₂ O ₃ , Pr ₆ O ₁₁ , Nd ₂ O ₃ , Eu ₂ O ₃ ) with a ball mill to 20
Wet mixed for hours. After heating and drying the obtained mixture slurry, the temperature shown in Table 1 in air (calcination 1: (b)
It was calcined at the calcination temperature of the process) for 2 hours. The calcined product was wet crushed for 20 hours with a ball mill. After heating and drying the obtained pulverized product slurry, the obtained powder and TiO ₂ powder are weighed so as to have the composition shown in Table 1, and are weighed with a ball mill.
The titanium component was blended by time wet mixing. The obtained blend was calcined in air at the temperature shown in Table 1 (calcination 2: the calcination temperature of step (d)) for 2 hours. The obtained calcined product was wet pulverized again for 20 hours using a ball mill. The resulting slurry was dried by heating, and then an appropriate amount of polyvinyl alcohol was added and kneading was performed, followed by granulation with a 32 mesh sieve. The granulated powder was pressure-molded at a molding pressure of 800 kg / cm ² and fired in air at the temperature (sintering: firing temperature) shown in Table 1 for 5 hours. The density (%) and dielectric properties (εr,
Q and τ f) are shown in Table 1.

[Comparative Examples 3 to 6] Similar to Comparative Example 1, powders were synthesized by a conventional method. The BaCO ₃ powder, the rare earth oxide powder and the TiO ₂ powder used in the examples were weighed so that the compositions shown in Table 1 were obtained, and they were all put together in a ball mill and wet mixed for 20 hours. The obtained composition was calcined in air at a temperature shown in Table 1 (in Table 1, for convenience of preparation of the table, shown in the column of calcination temperature in step (d)) for 2 hours. The obtained calcined product was wet pulverized again for 20 hours using a ball mill. The resulting slurry was dried by heating, and then an appropriate amount of polyvinyl alcohol was added and kneading was performed, followed by granulation with a 32 mesh sieve. The granulated powder was pressure-molded at a molding pressure of 800 kg / cm ² and fired in air at the temperature shown in Table 1 for 5 hours.
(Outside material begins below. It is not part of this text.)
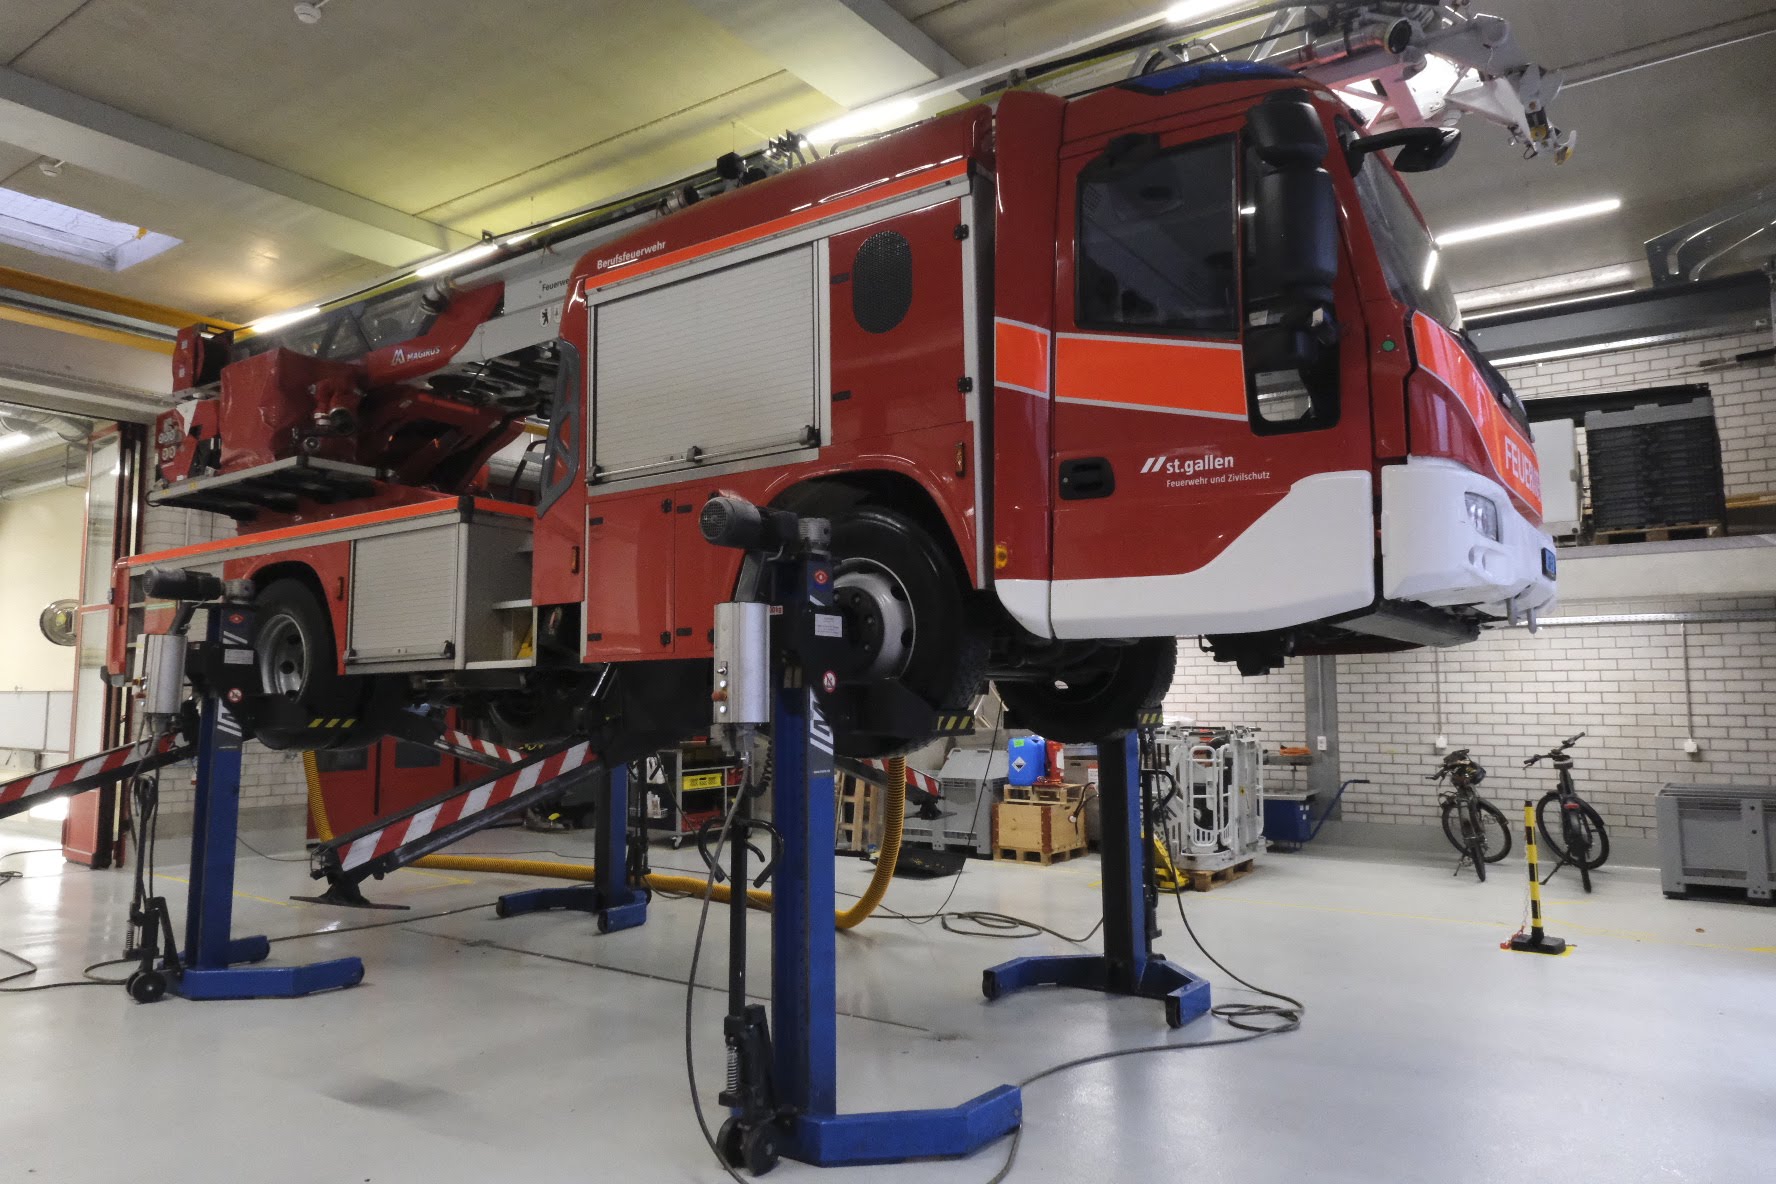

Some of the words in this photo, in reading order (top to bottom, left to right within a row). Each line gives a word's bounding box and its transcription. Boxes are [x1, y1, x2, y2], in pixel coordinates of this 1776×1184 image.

Table 1 shows the density and dielectric properties of the obtained sintered body.

[0025]

According to the method of the present invention in which the raw material mixing and the calcination are performed in two steps, a dielectric powder having a high uniformity and a small impurity phase can be obtained, and the quality factor is particularly high in the microwave region. It is possible to produce a powder having high dielectric properties and high dielectric properties.

Claims (1)

[Claims] 1. A method for producing a dielectric powder containing barium, titanium and a rare earth element as main components, wherein (a) a step of producing a raw material mixture containing barium and a rare earth element as main components, b) a step of calcining the mixture obtained in the step (a), (c) a raw material mainly containing the remaining titanium component so that the calcined product obtained in the step (b) has a desired composition And a step of calcining the mixture obtained in the step (c), and a step of calcination of the mixture obtained in the step (c).